Part 9 Jodoh adalah Takdir

1.6K 101 7
                                    


Mohon krisan 😊
Maaf ga selucu kemarin, hidup ga selalu indah hehehe..

--------

Kamil benar-benar nekat membawa sebelah sepatu tersebut. Tidak mungkin aku kembali ke ruangan dengan sepatu yang tinggal sebelah. Akhirnya, kulepas kembali sepatu yang yang satunya, lalu berjalan tanpa alas kaki menuju ruang guru.

Aku harus memakai sandal sebelum bertemu dengan Aiden, sebab ia pasti akan bingung kalau tiba-tiba melihatku tanpa alas kaki. Perlahan, membuka pintu ruang guru, Aiden masih tampak membelakangiku, sebisa mungkin berjalan berjinjit, sangat hati-hati.

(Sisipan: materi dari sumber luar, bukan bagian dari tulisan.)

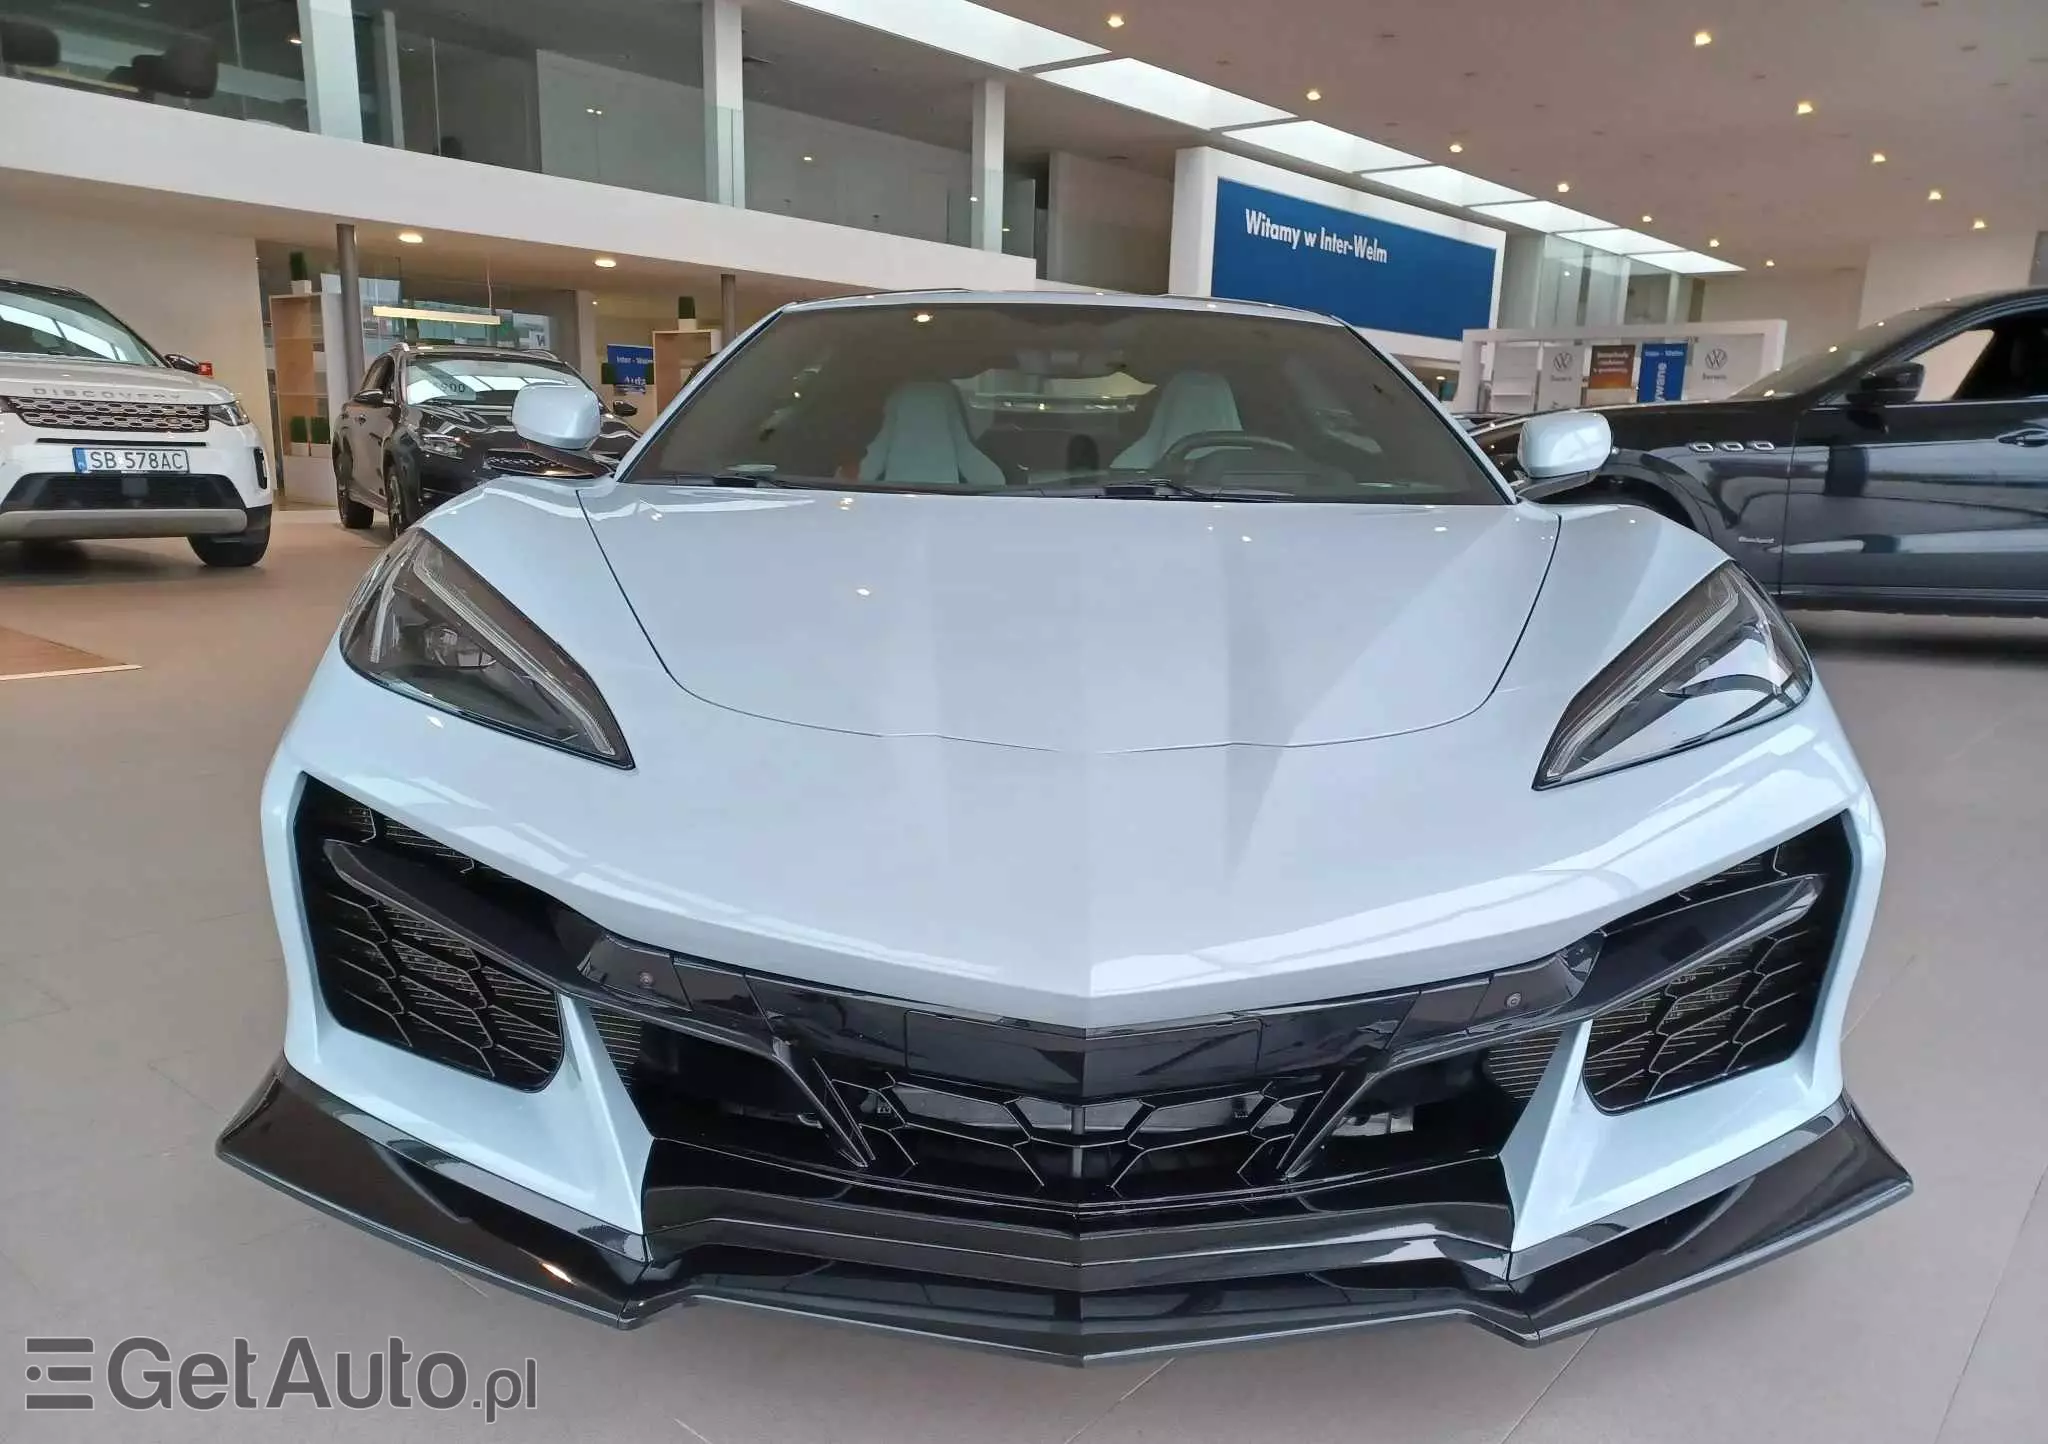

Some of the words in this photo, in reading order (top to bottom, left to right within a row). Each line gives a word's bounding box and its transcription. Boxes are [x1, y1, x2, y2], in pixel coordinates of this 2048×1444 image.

"Jihan, kok sepatunya dilepas."

Aku menepuk jidat, itu suara Aiden. Dia mendekatiku dan mengulangi pertanyaannya, "Jihan, itu kenapa sepatunya dilepas?"

"Oh, ini, kakiku sakit."

Aiden tampak heran, dia melihatku menenteng sepatu yang tinggal sebelah. Aku salah tingkah, dan berusaha menyembunyikan sepatu tersebut. Tatapan lelaki kekar itu berubah, bukan lagi heran melainkan curiga.

"Kenapa sepatumu tinggal satu?"

Aku menunduk, tak menjawab. Wajah Aiden semakin menampakkan kecurigaan. Dia meninggikan suaranya.

"Kenapa sepatumu tinggal satu?!"

"Dibawa Kamil," jawabku pelan.

Aiden menarikku keluar, menjauh dari ruang guru. Dia tampak marah besar, tatapan matanya tajam, dan penuh dengan amarah. Yakin, dia memang telah curiga sejak awal. Mungkinkah ini waktu yang baik untuk jujur kepadanya?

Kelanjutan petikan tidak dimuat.